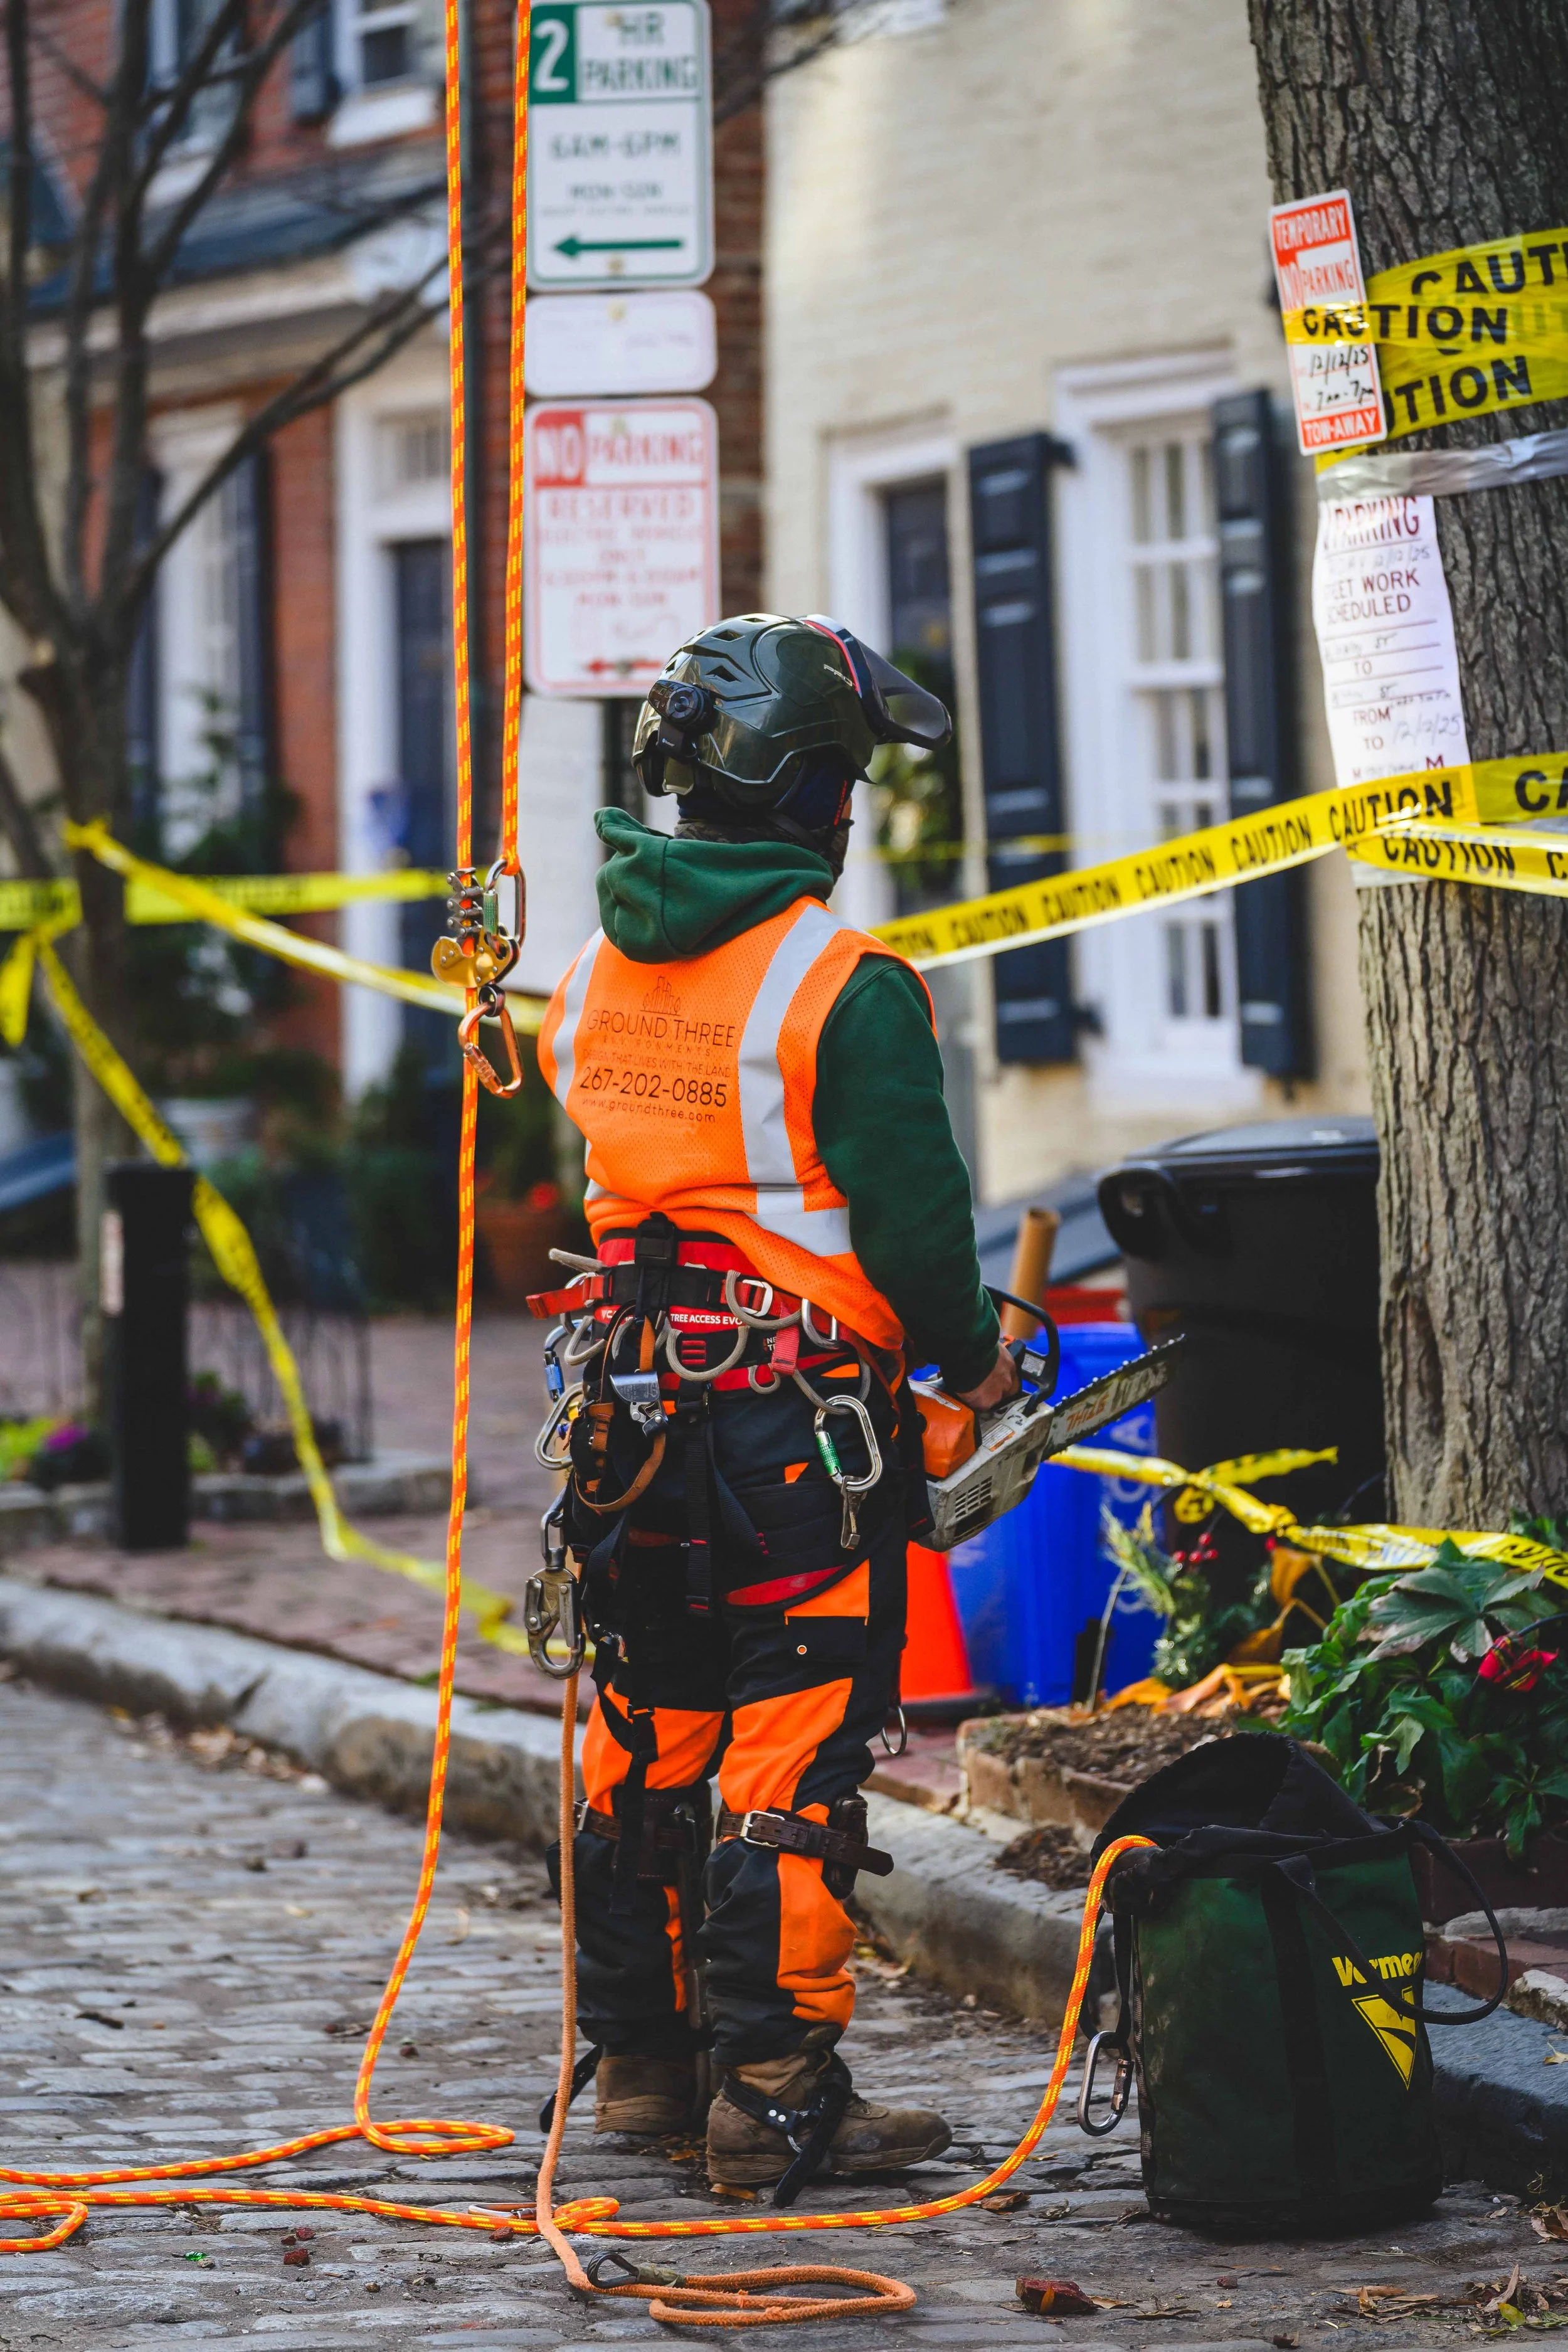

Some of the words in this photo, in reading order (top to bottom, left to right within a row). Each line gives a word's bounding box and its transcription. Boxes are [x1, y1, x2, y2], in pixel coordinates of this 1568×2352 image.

[619, 12, 665, 46] HR
[533, 19, 569, 92] 2
[585, 57, 698, 91] PARKING
[1274, 203, 1347, 251] TEMPORARY
[1302, 258, 1354, 299] PARKING
[1303, 304, 1508, 344] CAUTION
[1305, 410, 1377, 447] TOW-AWAY
[534, 424, 581, 479] NO
[590, 434, 704, 465] PARKING
[1362, 568, 1421, 594] WORK
[1353, 660, 1372, 675] TO
[1353, 706, 1391, 726] FROM
[1364, 736, 1384, 751] TO
[1042, 874, 1122, 926] CAUTION
[1135, 844, 1216, 900] CAUTION
[1230, 813, 1312, 871] CAUTION
[1328, 781, 1454, 841] CAUTION
[1382, 829, 1516, 879] CAUTION
[586, 1009, 667, 1039] GROUND
[674, 1019, 736, 1047] THREE
[580, 1066, 727, 1108] 267-202-0885
[582, 1098, 716, 1123] www.groundthree.com
[670, 1313, 689, 1323] TREE
[689, 1315, 721, 1325] ACCESS
[723, 1316, 743, 1325] EVO
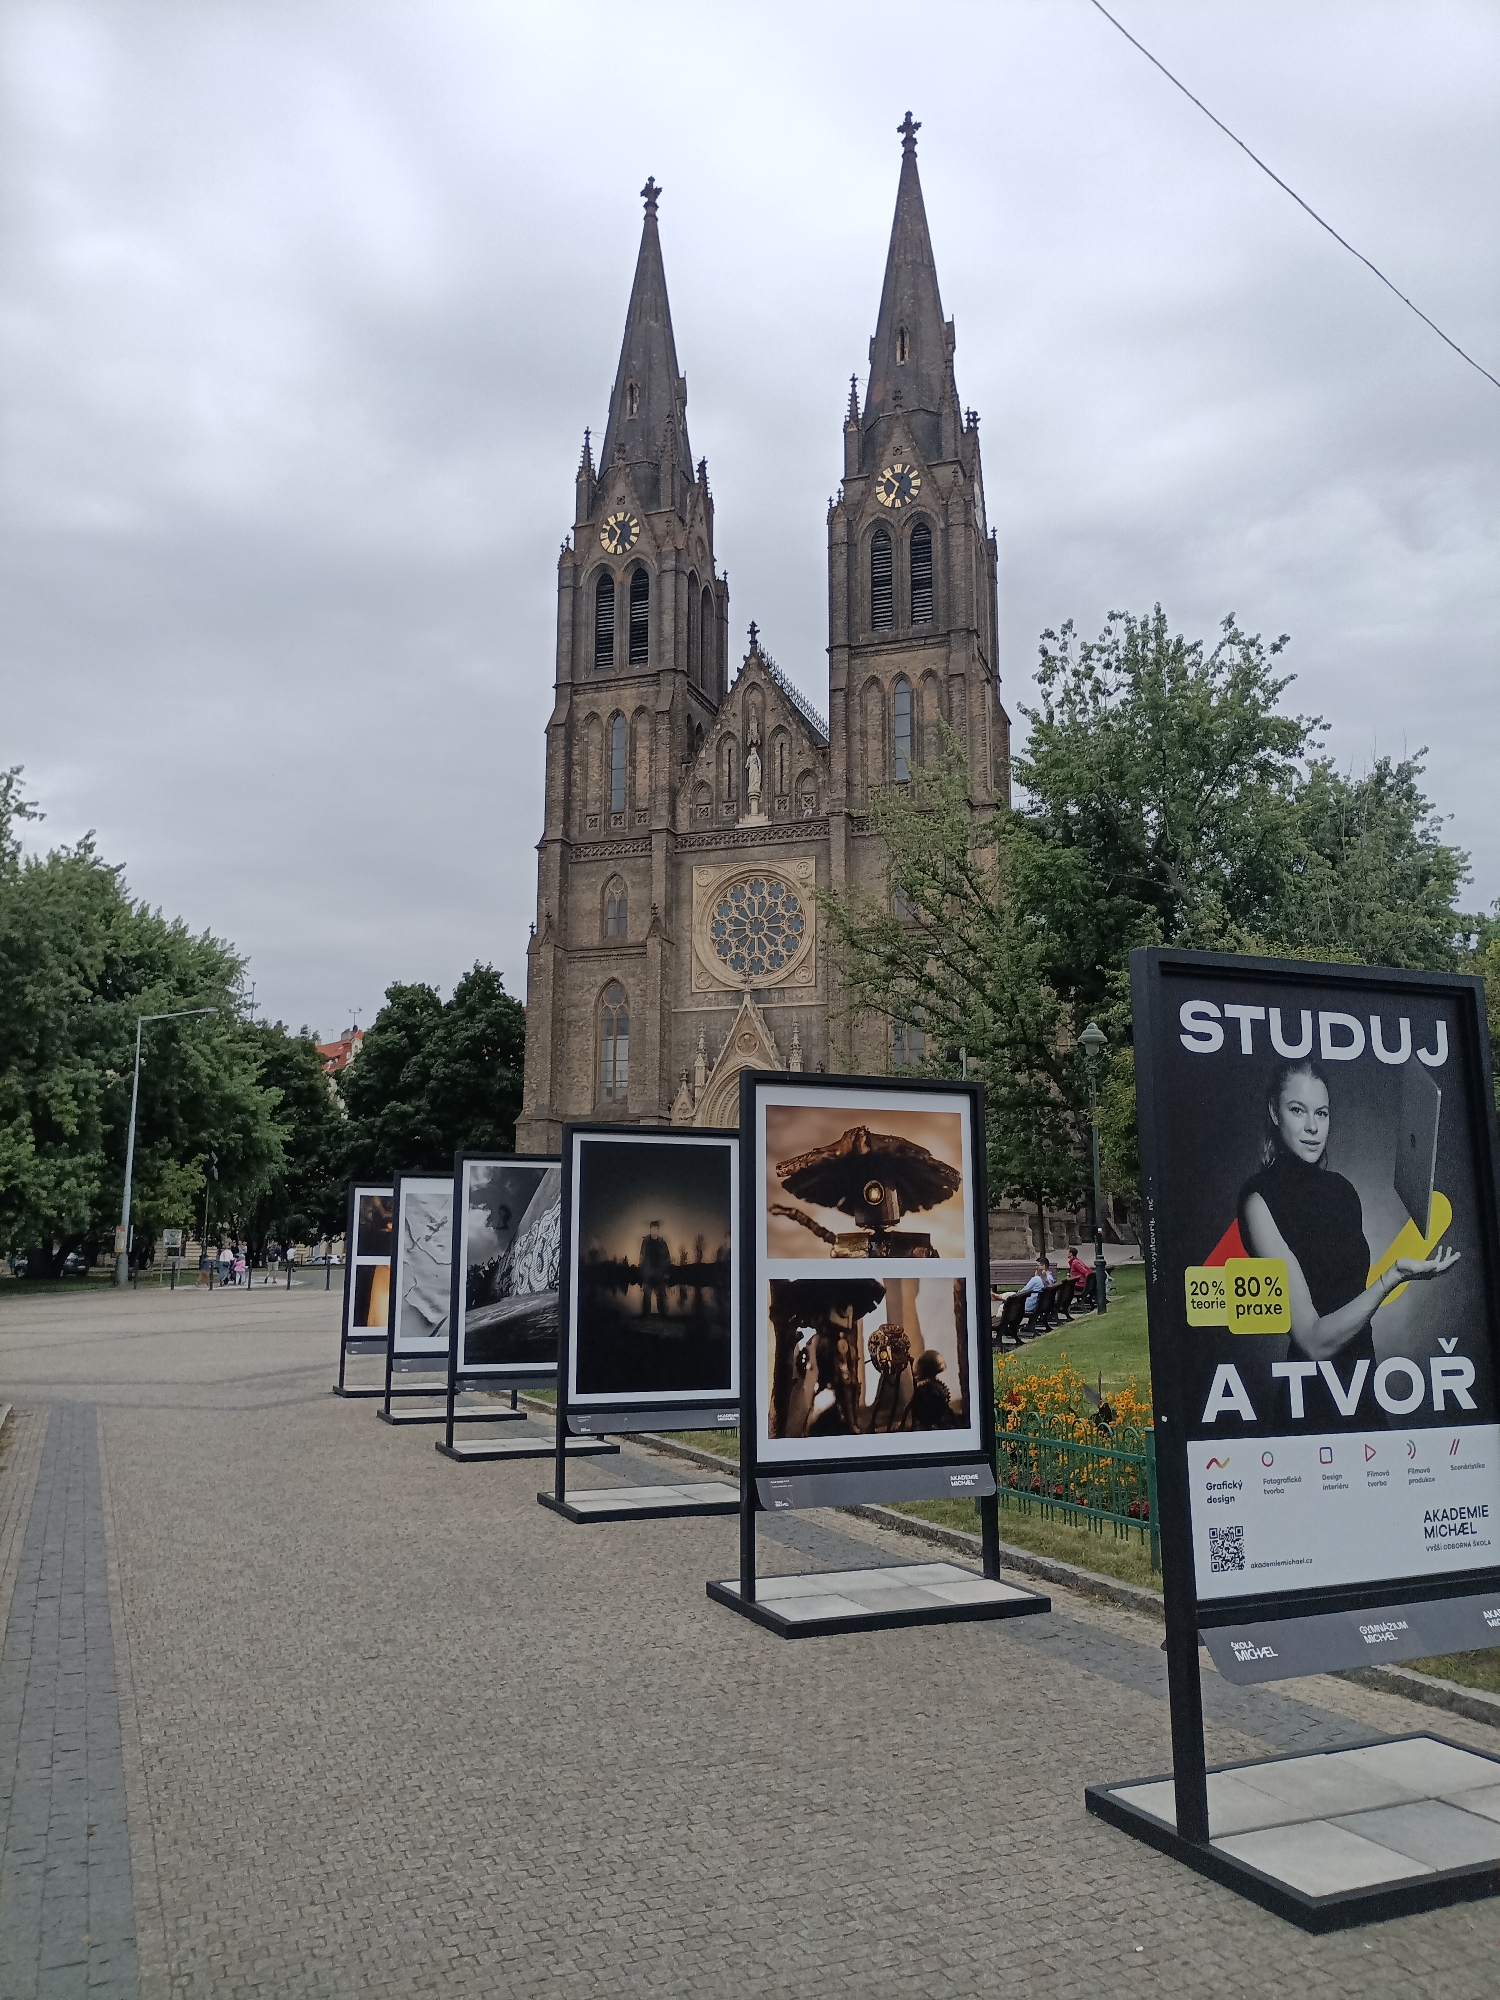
■ ■ ■ ■ ■ ■ ■
> **The problem**:
Print the entries above exactly, leaving pictures out.

> **Worked solution**:
Some of the words in this photo, in reading order (top to bottom, left to right within a row). Each line gives a word's bounding box and its transcription. Boxes are [x1, y1, x2, y2], in pixel coordinates of this 1568×2352 image.

[619, 12, 665, 46] HR
[533, 19, 569, 92] 2
[585, 57, 698, 91] PARKING
[1274, 203, 1347, 251] TEMPORARY
[1302, 258, 1354, 299] PARKING
[1303, 304, 1508, 344] CAUTION
[1305, 410, 1377, 447] TOW-AWAY
[534, 424, 581, 479] NO
[590, 434, 704, 465] PARKING
[1362, 568, 1421, 594] WORK
[1353, 660, 1372, 675] TO
[1353, 706, 1391, 726] FROM
[1364, 736, 1384, 751] TO
[1042, 874, 1122, 926] CAUTION
[1135, 844, 1216, 900] CAUTION
[1230, 813, 1312, 871] CAUTION
[1328, 781, 1454, 841] CAUTION
[1382, 829, 1516, 879] CAUTION
[586, 1009, 667, 1039] GROUND
[674, 1019, 736, 1047] THREE
[580, 1066, 727, 1108] 267-202-0885
[582, 1098, 716, 1123] www.groundthree.com
[670, 1313, 689, 1323] TREE
[689, 1315, 721, 1325] ACCESS
[723, 1316, 743, 1325] EVO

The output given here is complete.